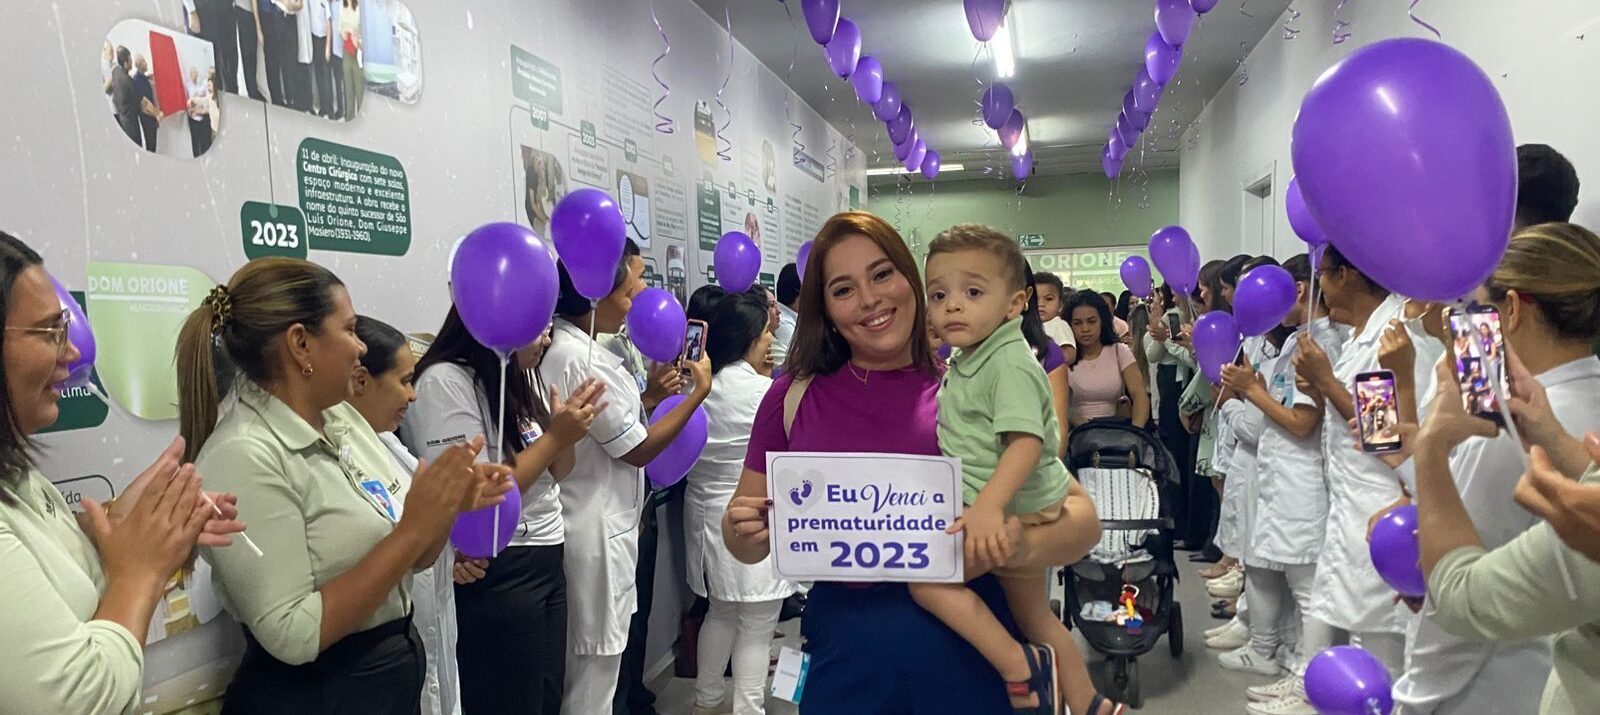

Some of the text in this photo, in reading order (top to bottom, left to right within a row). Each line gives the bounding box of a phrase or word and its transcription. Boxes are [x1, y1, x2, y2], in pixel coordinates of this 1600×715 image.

[302, 148, 309, 159] 11
[311, 150, 320, 161] de
[340, 156, 378, 174] Inauguração
[380, 166, 388, 176] do
[389, 168, 404, 178] novo
[303, 162, 327, 175] Centro
[328, 166, 358, 182] Cirúrgico
[360, 174, 373, 183] com
[374, 176, 386, 186] sete
[304, 176, 331, 190] espaço
[334, 180, 366, 194] moderno
[374, 189, 405, 201] excelente
[305, 186, 406, 212] infraestrutura. A obra recebe o
[306, 201, 406, 223] nome do quinto sucessor de São
[251, 220, 298, 248] 2023
[358, 219, 375, 230] Dom
[376, 222, 407, 235] Giuseppe
[88, 275, 189, 296] DOM ORIONE
[826, 483, 945, 514] Eu Venci a
[788, 514, 946, 532] prematuridade
[790, 541, 930, 569] em 2023
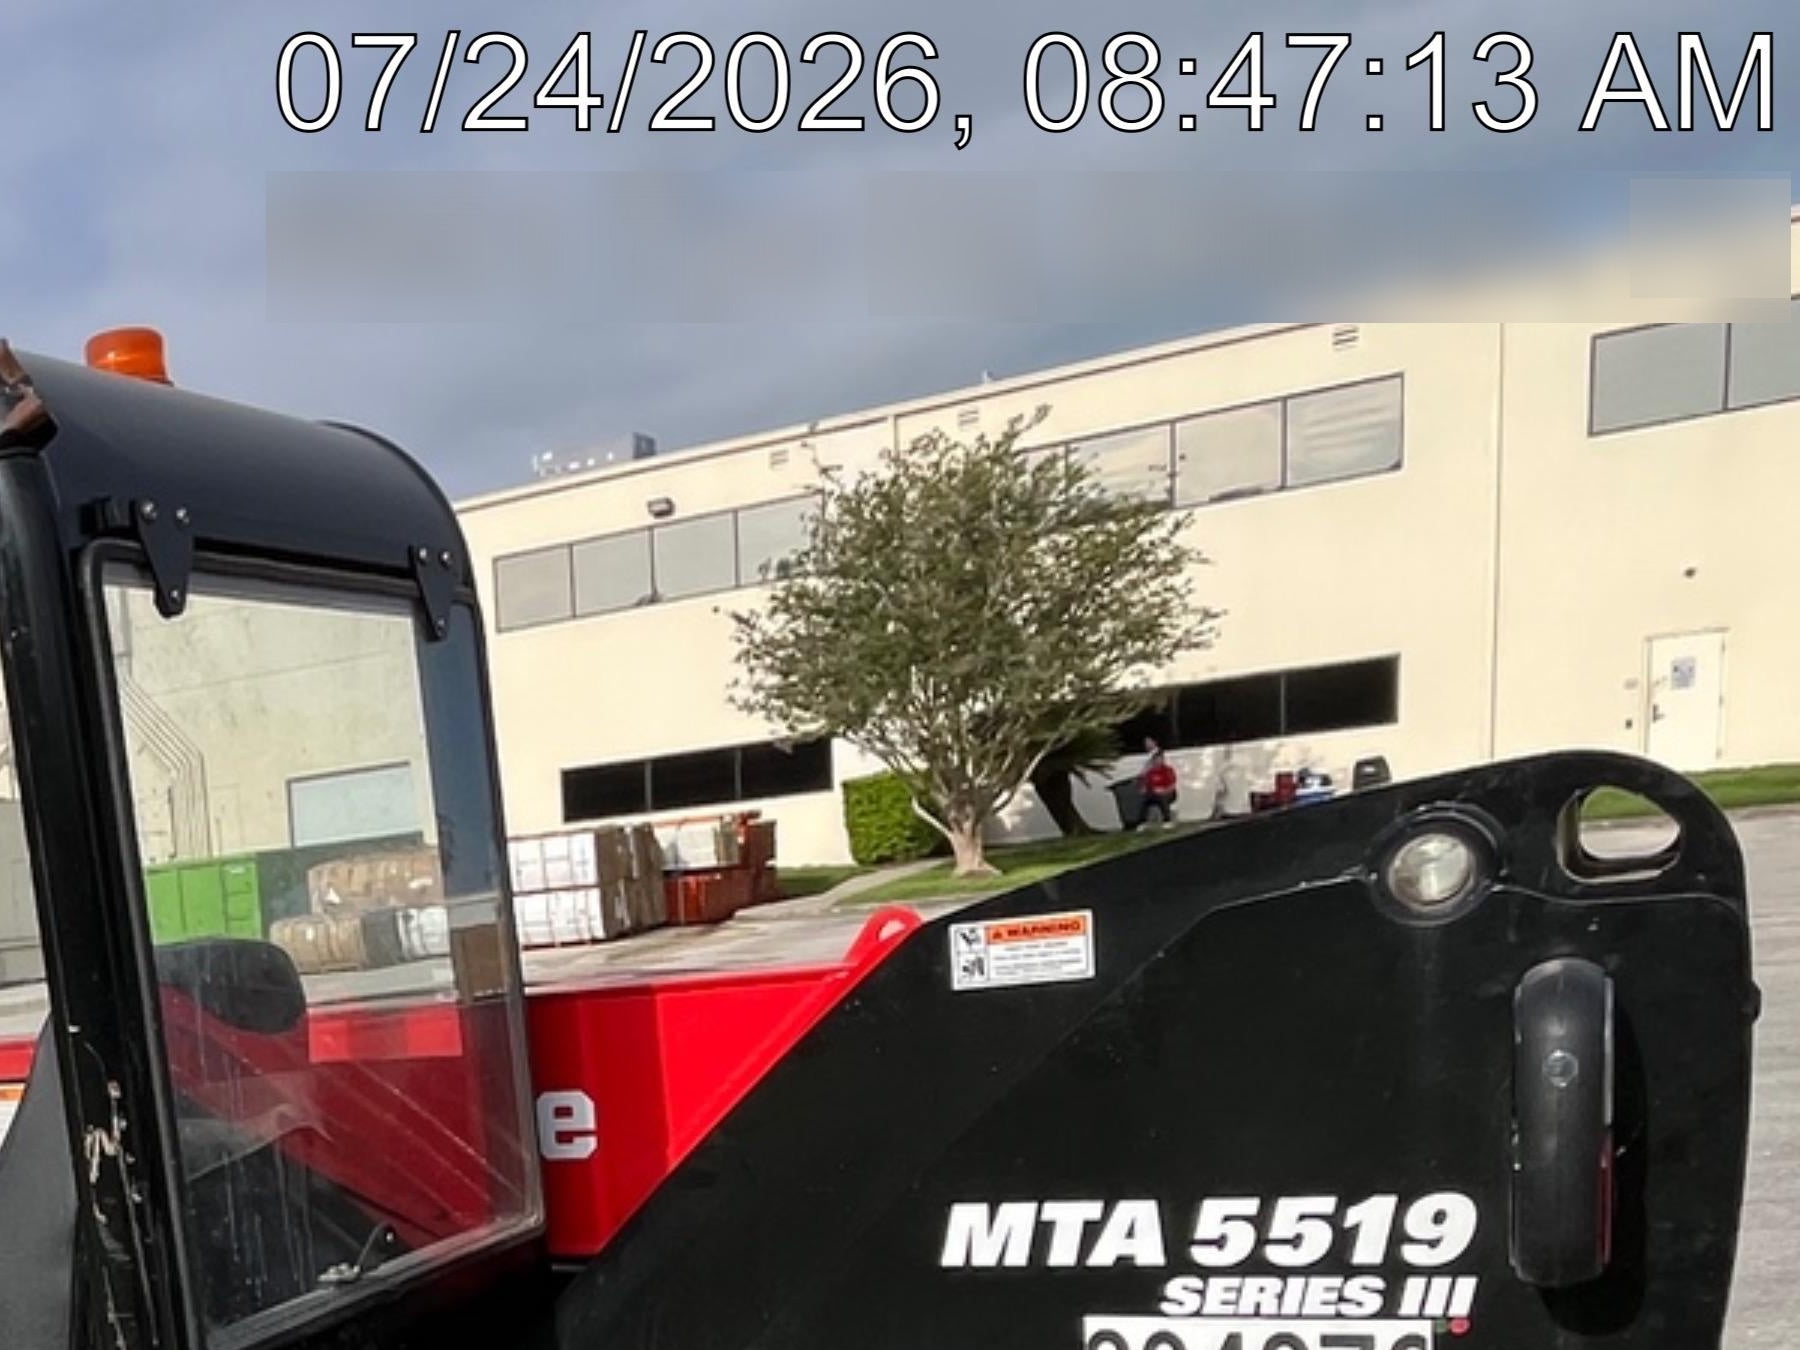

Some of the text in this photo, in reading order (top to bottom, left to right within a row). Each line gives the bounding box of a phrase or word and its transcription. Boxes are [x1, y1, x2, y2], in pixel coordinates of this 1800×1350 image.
━━━━━━━━━━━━━━━━
** What the task requires **
Exclude the pictures and transcribe all of the entries exactly.

** Result of the exercise **
Some of the text in this photo, in reading order (top to bottom, left to right within a row). Each line gives the bounding box of a phrase or word and its transcription. Boxes are [x1, y1, x2, y2], in pixel coordinates of this 1600×715 image.

[302, 148, 309, 159] 11
[311, 150, 320, 161] de
[340, 156, 378, 174] Inauguração
[380, 166, 388, 176] do
[389, 168, 404, 178] novo
[303, 162, 327, 175] Centro
[328, 166, 358, 182] Cirúrgico
[360, 174, 373, 183] com
[374, 176, 386, 186] sete
[304, 176, 331, 190] espaço
[334, 180, 366, 194] moderno
[374, 189, 405, 201] excelente
[305, 186, 406, 212] infraestrutura. A obra recebe o
[306, 201, 406, 223] nome do quinto sucessor de São
[251, 220, 298, 248] 2023
[358, 219, 375, 230] Dom
[376, 222, 407, 235] Giuseppe
[88, 275, 189, 296] DOM ORIONE
[826, 483, 945, 514] Eu Venci a
[788, 514, 946, 532] prematuridade
[790, 541, 930, 569] em 2023

Some of the text in this photo, in reading order (top to bottom, left to right within a row). Each line gives the bounding box of a phrase or word and its transcription. Boxes are [x1, y1, x2, y2], in pixel coordinates of this 1800×1350 image.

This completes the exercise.